## Study material
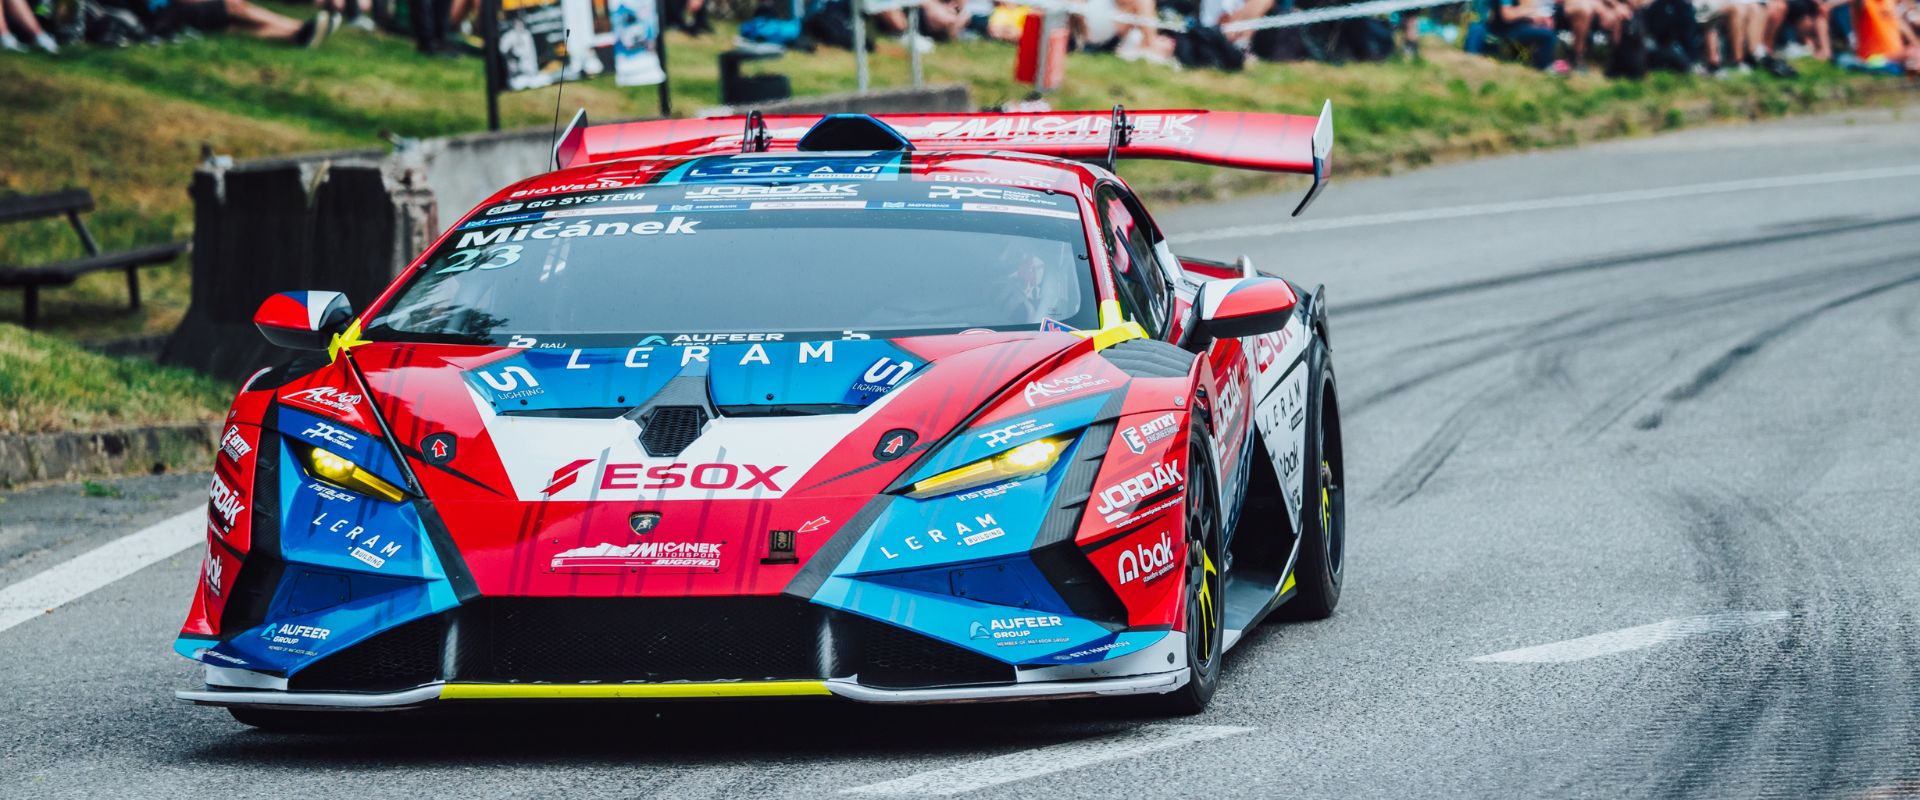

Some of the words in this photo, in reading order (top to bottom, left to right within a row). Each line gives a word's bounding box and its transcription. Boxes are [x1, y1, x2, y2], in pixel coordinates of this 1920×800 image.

[690, 166, 881, 176] LERAM
[929, 186, 1003, 199] PPC
[527, 197, 557, 209] GC
[558, 193, 646, 206] SYSTEM
[456, 217, 702, 249] Mičánek
[436, 244, 524, 275] 23
[672, 333, 784, 342] AUFEER
[566, 341, 833, 370] LERAM
[498, 388, 544, 400] LIGHTING
[852, 382, 892, 393] LIGHTING
[1140, 412, 1176, 437] ENTRY
[600, 463, 790, 491] ESOX
[312, 512, 402, 558] LERAM
[880, 513, 997, 560] LERAM
[655, 558, 717, 566] BUGGYRA
[991, 615, 1063, 630] AUFEER
[278, 623, 331, 640] AUFEER
[993, 630, 1031, 639] GROUP
[272, 635, 300, 645] GROUP

## What needs to be done
Output every entry above verbatim, but leave out the pictures.

## Task response
Some of the words in this photo, in reading order (top to bottom, left to right within a row). Each line gives a word's bounding box and its transcription. Boxes are [x1, y1, x2, y2], in pixel coordinates of this 1920×800 image.

[690, 166, 881, 176] LERAM
[929, 186, 1003, 199] PPC
[527, 197, 557, 209] GC
[558, 193, 646, 206] SYSTEM
[456, 217, 702, 249] Mičánek
[436, 244, 524, 275] 23
[672, 333, 784, 342] AUFEER
[566, 341, 833, 370] LERAM
[498, 388, 544, 400] LIGHTING
[852, 382, 892, 393] LIGHTING
[1140, 412, 1176, 437] ENTRY
[600, 463, 790, 491] ESOX
[312, 512, 402, 558] LERAM
[880, 513, 997, 560] LERAM
[655, 558, 717, 566] BUGGYRA
[991, 615, 1063, 630] AUFEER
[278, 623, 331, 640] AUFEER
[993, 630, 1031, 639] GROUP
[272, 635, 300, 645] GROUP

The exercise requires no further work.